When women's reproductive capacity is automatically considered
to override all their other capacities, the consequences are
social as well as individual. It makes us think of equality
in terms of wasted opportunities, not just for individuals,
but for society as a whole - and ours cannot afford to continue
this loss.
Just considering what women might achieve if encouraged to
explore their fullest self-expression (in addition to the
vast array of knowledge and skills they acquire through mothering),
is enough to support the view that they must play a full and
active role in the new self-governing Northern Ireland - and
that it will undoubtedly be impoverished if they don't.

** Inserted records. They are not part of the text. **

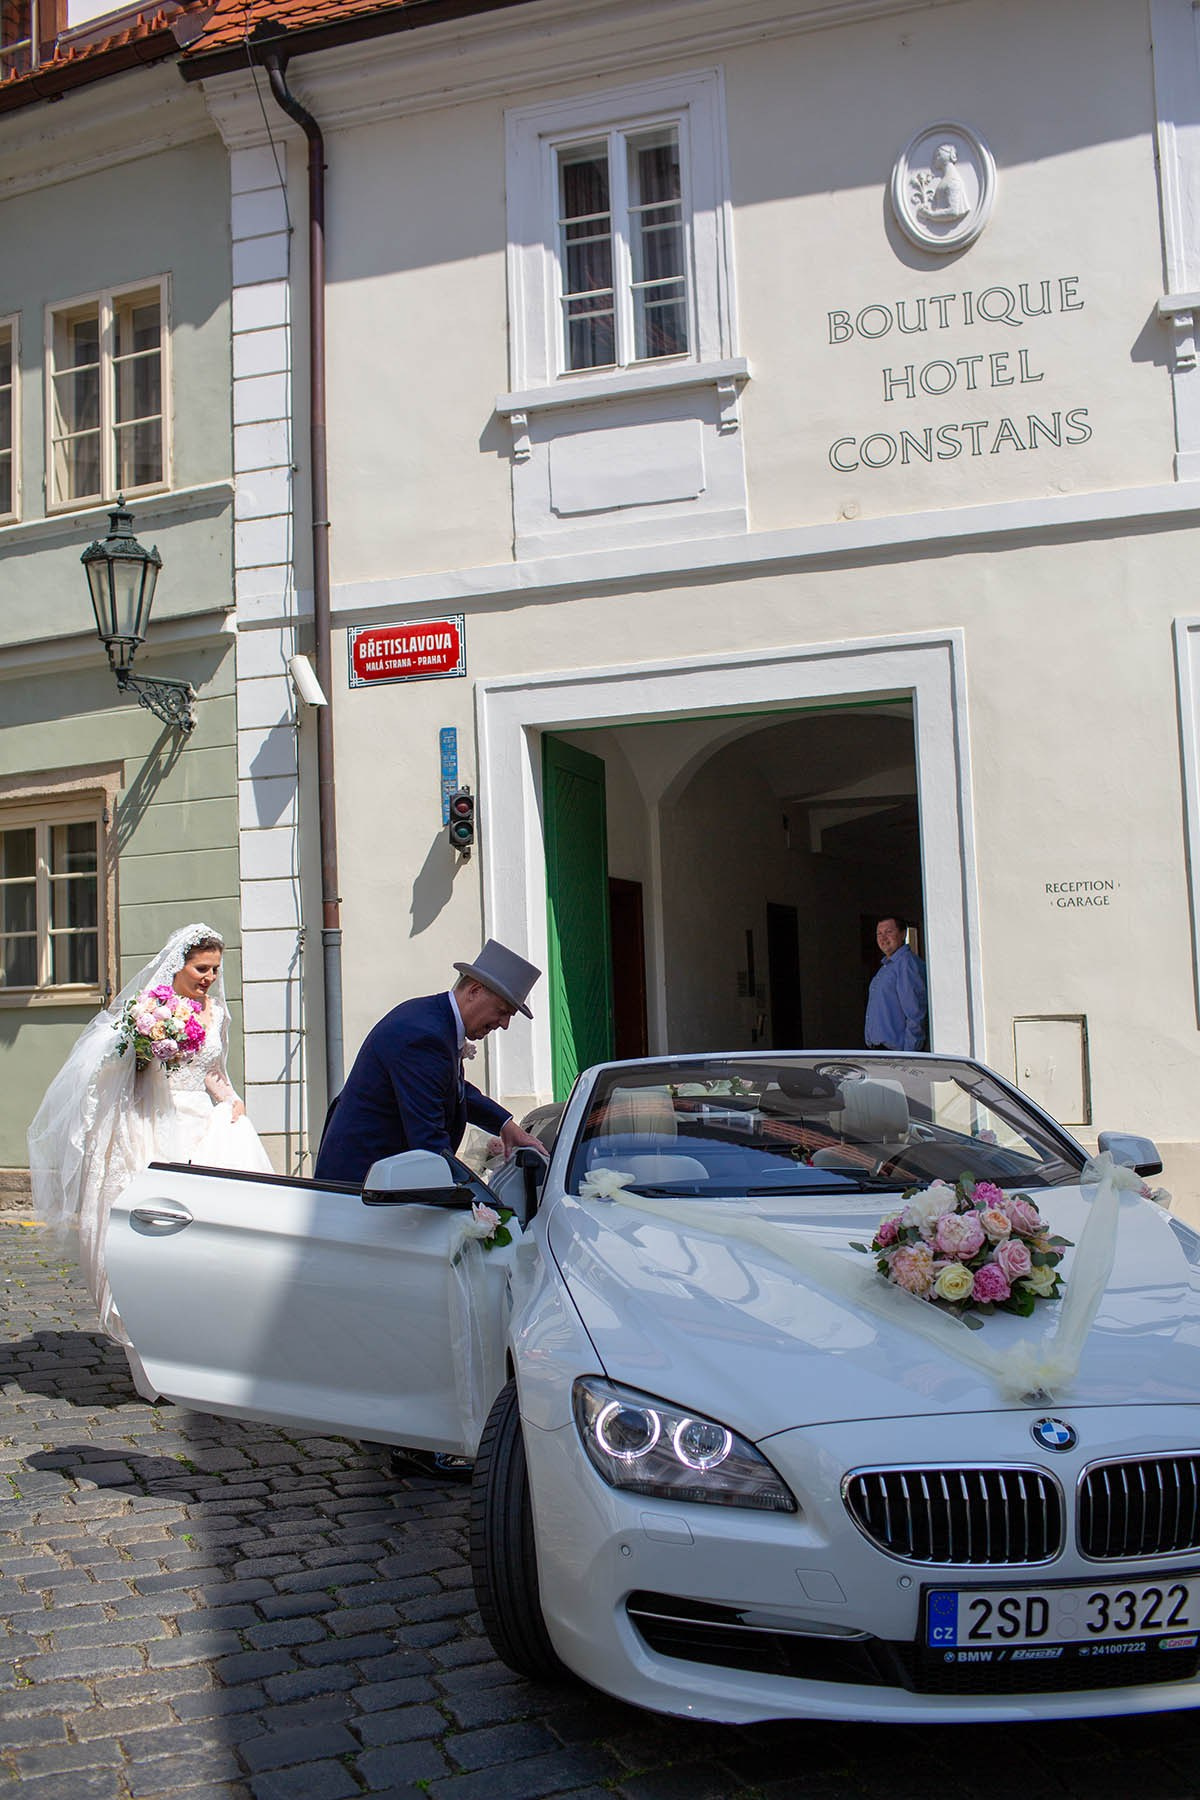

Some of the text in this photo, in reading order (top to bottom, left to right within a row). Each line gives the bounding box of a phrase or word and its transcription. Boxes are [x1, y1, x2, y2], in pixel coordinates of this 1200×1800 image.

[828, 276, 1085, 344] BOUTIQUE
[882, 349, 1044, 401] HOTEL
[828, 408, 1093, 472] CONSTANS
[359, 633, 452, 659] BŘETISLAVOVA
[365, 659, 384, 672] MALÁ
[385, 658, 411, 670] STRANA
[418, 655, 441, 666] PRAHA
[443, 654, 447, 664] 1
[1045, 879, 1114, 893] RECEPTION
[1056, 895, 1110, 908] GARAGE
[968, 1583, 1190, 1640] 2SD 3322
[933, 1627, 953, 1640] CZ
[957, 1650, 993, 1662] BMW
[1092, 1642, 1147, 1655] 241007222
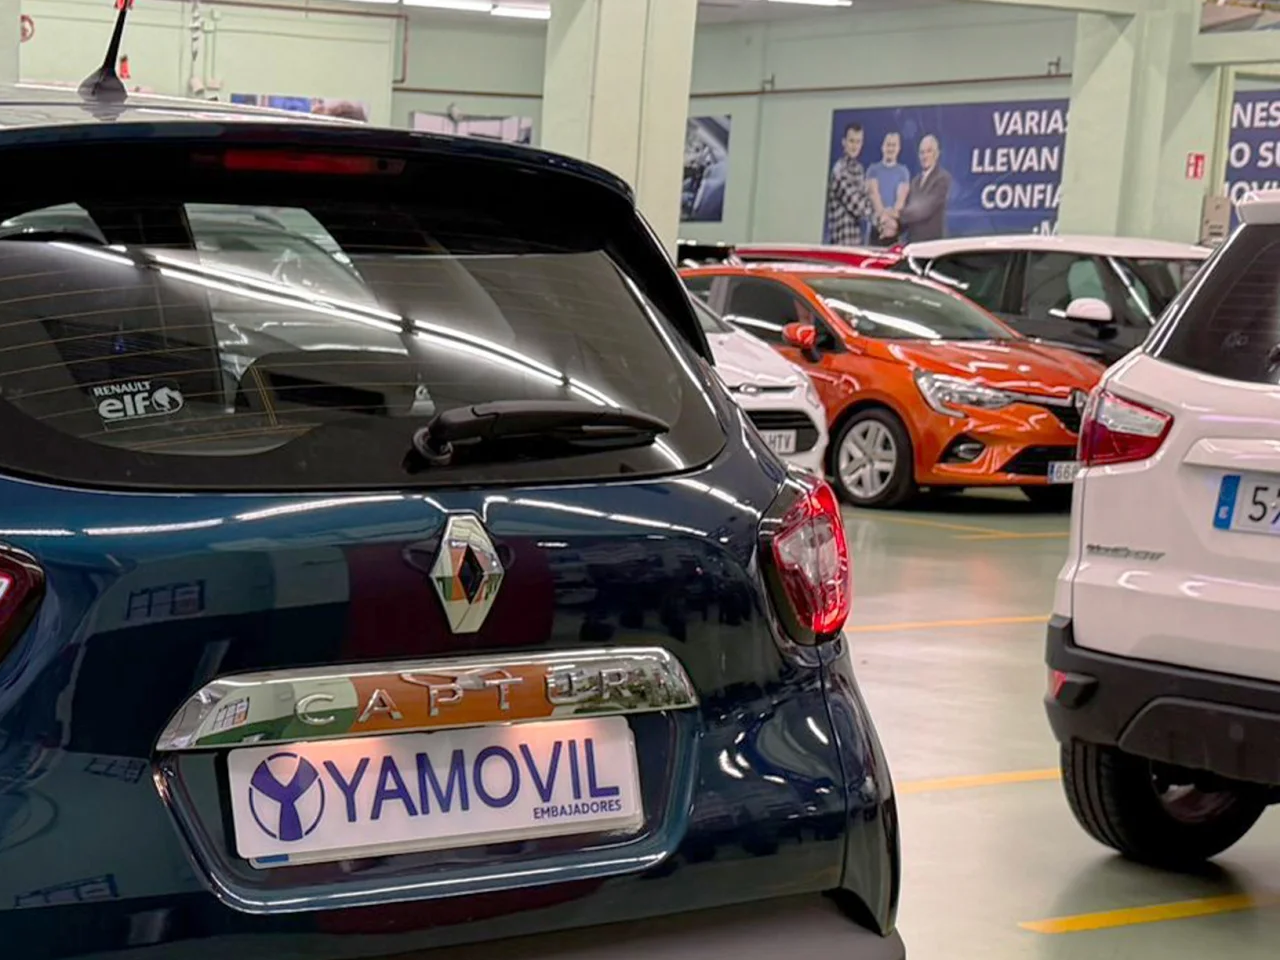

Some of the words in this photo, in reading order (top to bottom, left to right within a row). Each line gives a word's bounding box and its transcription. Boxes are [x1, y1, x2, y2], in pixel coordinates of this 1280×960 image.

Needless to say, there are religious sensibilities at stake
here, but these are arguably being well enough considered
by the multitude of groups involved in the consultation and
drafting processes of the Bill of Rights. Art 10 of Human
Rights Act guarantees the freedom to express these views publicly
whatever stance is taken on reproductive rights. Otherwise,
it is unlikely that anyone will be forced to have - or perform
- an abortion here against their wishes. It is well known
that large numbers of Northern Irish women travel to Great
Britain every year to terminate pregnancies legally. Is it
necessary to require women to endure this financial, physical
and psychological burden in order to protect others' religious
beliefs? Is it offensive to treat these women as equal and
responsible moral citizens in deciding their own life path
- for which they ultimately are answerable? Unfortunately,
some will say it is, but the legal system does not have to
keep its force behind them.
The religious arguments traditionally put forward to preserve
the nineteenth century legal prohibition of abortion (it was
first prohibited by legislation in 1803) in Northern Ireland
are becoming increasingly irrelevant. They depend too much
upon 'the church and state' association, which has often been
the source of violent conflict here. Moreover, any attempt
to entrench a right to life for 'the unborn' should consider
the Republic of Ireland's current unworkable constitutional
position. It is simply not possible to honour the equal right
to life of a foetus and of its 'mother' when her life is endangered
by the pregnancy. However, what is needed in the Bill of Rights
is a commitment to ensuring a decent standard of life for
the children we already have and their mothers - for statistically
they are the poorest members of society.
With increasing prosperity, immigration and the return of
emigrants this is rapidly becoming a more secular and liberal
state. The changes this has brought are not merely demographic
and economic. They are also political - and not in the old,
worn out 'Troubles' sense of the word. Since women are participating
at higher levels and in greater numbers in public and economic
life, it is becoming more obvious that to continue controlling
their reproductive decision is incompatible with the ideals
of equal opportunity such as that espoused in the Good Friday
Agreement. It is a signal that women are only participating
in the new legal and social institutions because a chivalrous
patriarchal order has deigned to allow them - up to a point:
the biological one. Because of course, that is where 'Nature'
speaks for itself.
A serious commitment to equality in the forthcoming Bill of
Rights would make it no more natural, moral or necessary in
religious terms to prohibit abortion for women than it than
would be to ban heart surgery (or any other life saving or
prolonging treatment) for men. Justifications for an outright
ban on abortion from different sides of the old political
divide in Northern Ireland have one thing in common. They
do not see women as equal and fully participating members
of this society, nor do they appreciate the need for them
to become so in future. The Women's Coalition and other groups
however represent a more hopeful and positive vision for the
future of Northern Ireland - one which is not divided along
the sectarian lines which have kept us in a state of near
tribal warfare for over 30 years.
Women's groups and political organisations need to mobilise
on this issue now because they represent the only real experts
when it comes to the effects of regulating women's reproductive
capacities. It is time for the law to reflect the fact that
reproductive freedom is essential to women's substantive equality.